The IDSM mass spectrometry extension: searching mass spectra using SPARQL

Jakub Galgonek,Jiří Vondrášek
DOI: https://doi.org/10.1093/bioinformatics/btae174
IF: 5.8
2024-04-01
Bioinformatics
Abstract:Abstract Summary The Integrated Database of Small Molecules (IDSM) integrates data from small-molecule datasets, making them accessible through the SPARQL query language. Its unique feature is the ability to search for compounds through SPARQL based on their molecular structure. We extended IDSM to enable mass spectra databases to be integrated and searched for based on mass spectrum similarity. As sources of mass spectra, we employed the MassBank of North America (MoNA) database and the In Silico Spectral Database (ISDB) of natural products. Availability and implementation The extension is an integral part of IDSM, which is available at https://idsm.elixir-czech.cz. The manual and usage examples are available at https://idsm.elixir-czech.cz/docs/ms. The source codes of all IDSM parts are available under open-source licences at https://github.com/idsm-src.
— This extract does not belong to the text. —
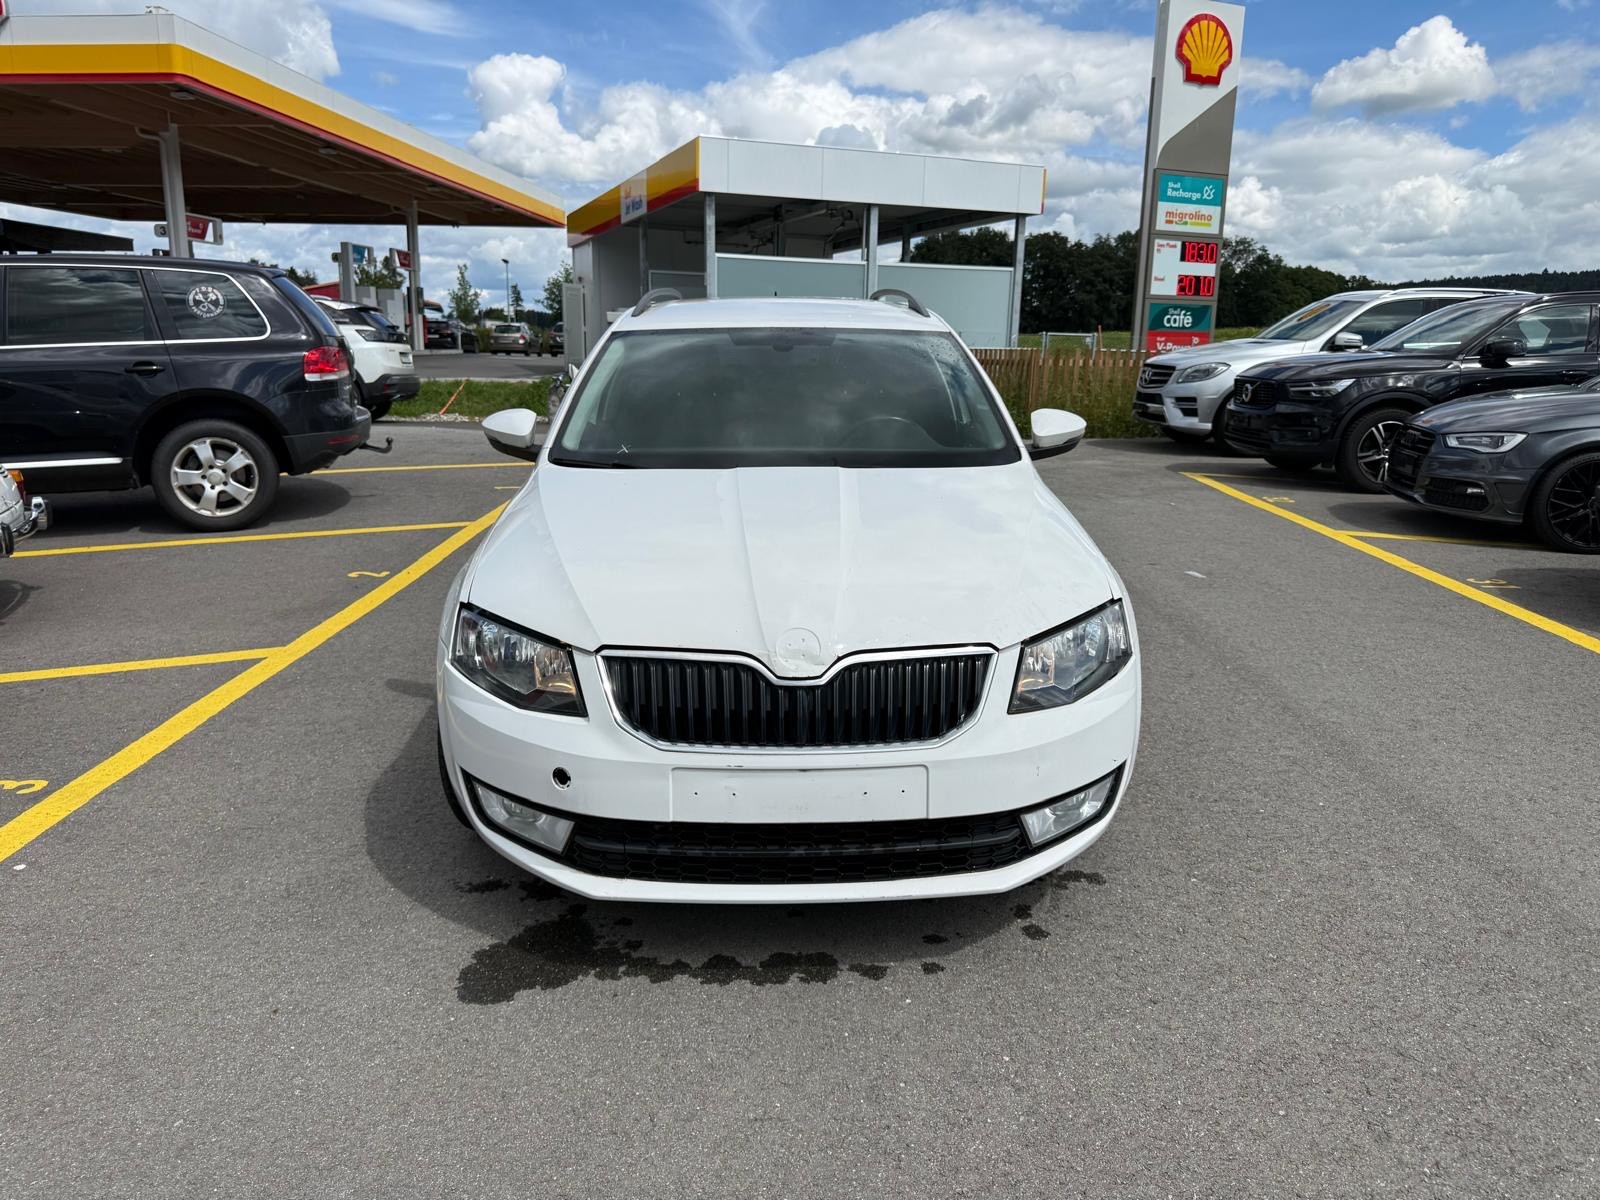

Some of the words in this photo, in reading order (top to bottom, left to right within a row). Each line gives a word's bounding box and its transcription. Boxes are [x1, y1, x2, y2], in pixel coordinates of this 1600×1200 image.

biochemical research methods,biotechnology & applied microbiology,mathematical & computational biology
What problem does this paper attempt to address?
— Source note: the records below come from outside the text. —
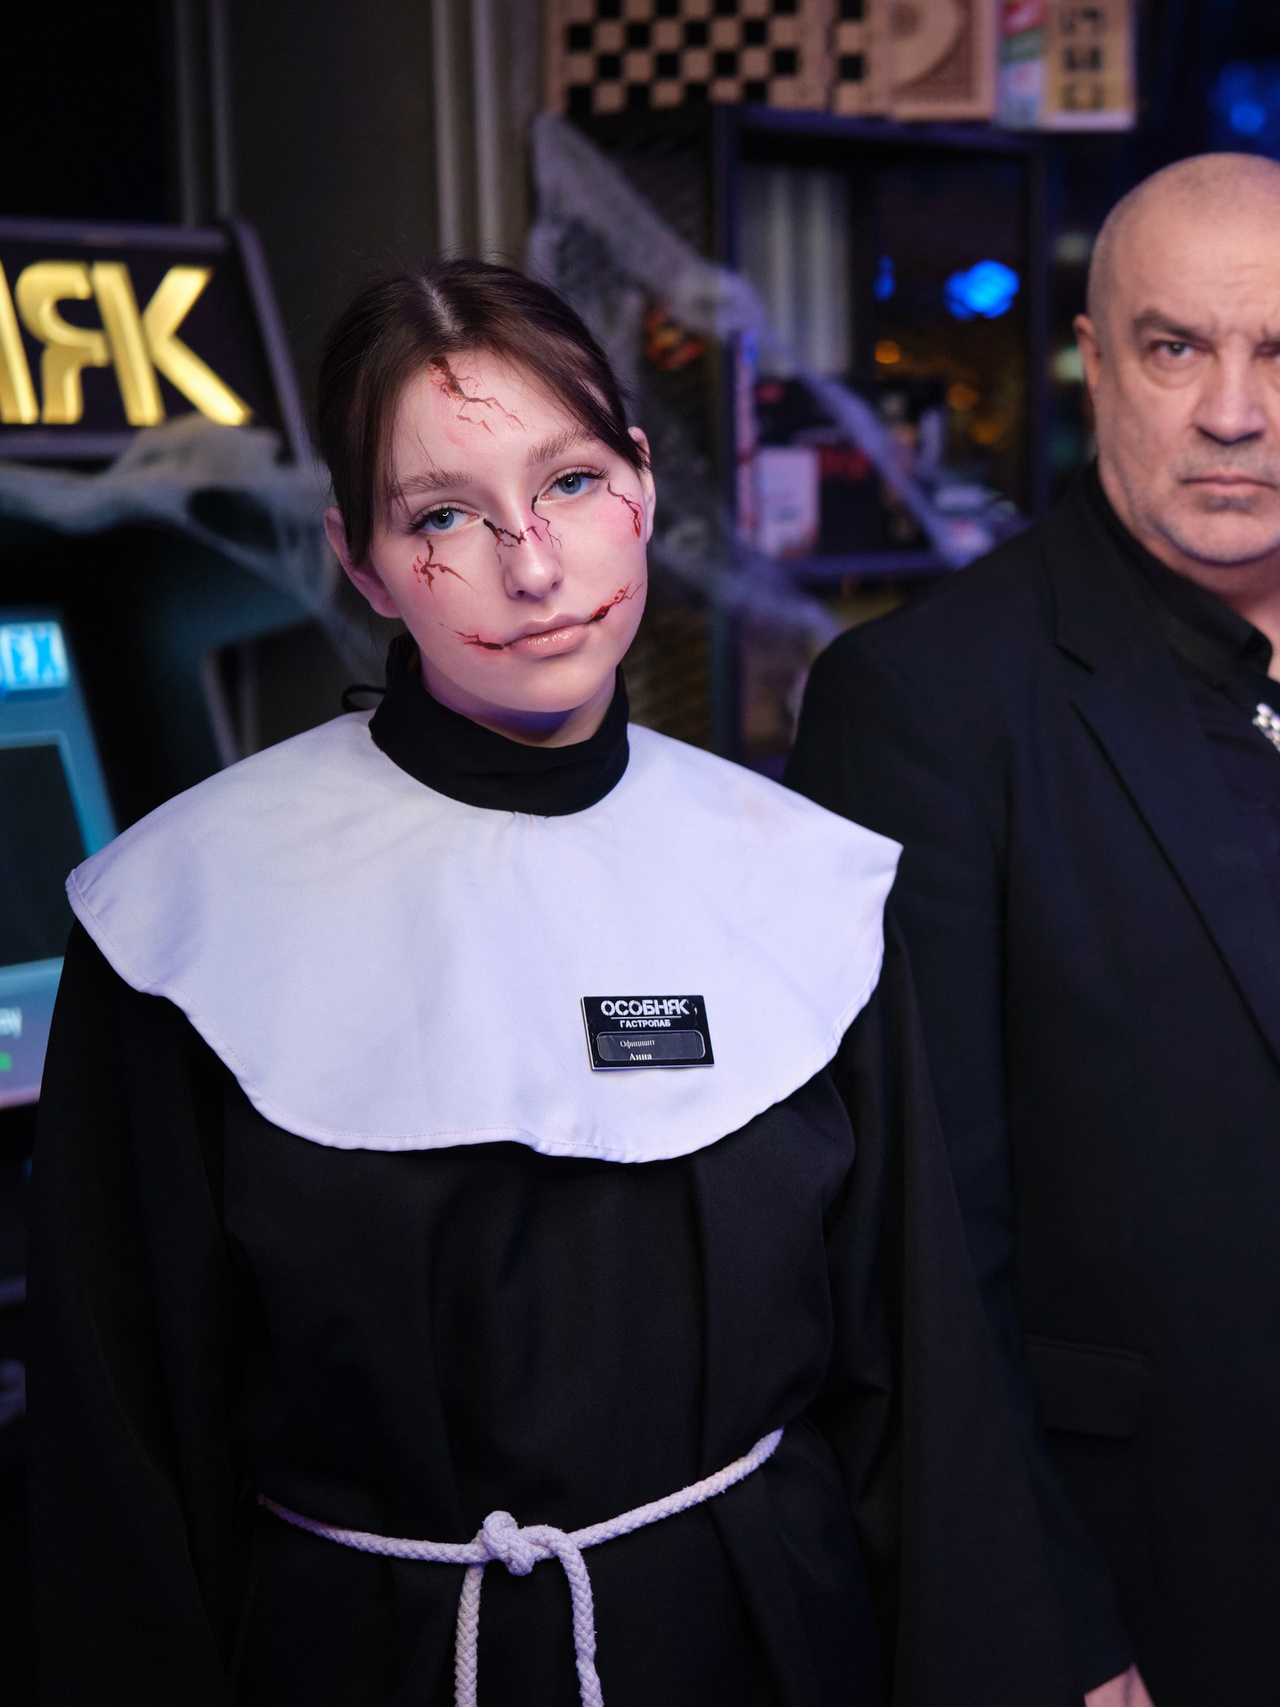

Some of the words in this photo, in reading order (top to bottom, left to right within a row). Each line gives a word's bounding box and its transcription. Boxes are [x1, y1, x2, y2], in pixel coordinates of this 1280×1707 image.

[0, 258, 252, 427] ЯК
[600, 999, 690, 1016] ОСОБНЯК
[619, 1019, 671, 1029] ГАСТРОПАБ
[619, 1039, 656, 1049] Официант
[629, 1052, 653, 1061] Анна
The problem this paper attempts to address is improving the accessibility and interoperability of small molecule mass spectrometry data. Specifically, the paper introduces an extension to the Integrated Database of Small Molecules (IDSM) that allows users to search the mass spectrometry database using the SPARQL query language and perform retrieval based on mass spectrometry similarity. This extension not only integrates mass spectrometry data from different sources (such as North America's MassBank and In Silico Spectral Database) but also utilizes existing ontologies (such as SIO and PSI-MS) to ensure seamless integration with other semantic databases. Additionally, the paper describes how matching algorithms are integrated into the SPARQL engine to facilitate efficient mass spectrometry similarity searches for users. Through this extension, researchers can more easily query and link related data across multiple databases, thereby enhancing the overall usability of the data and research efficiency.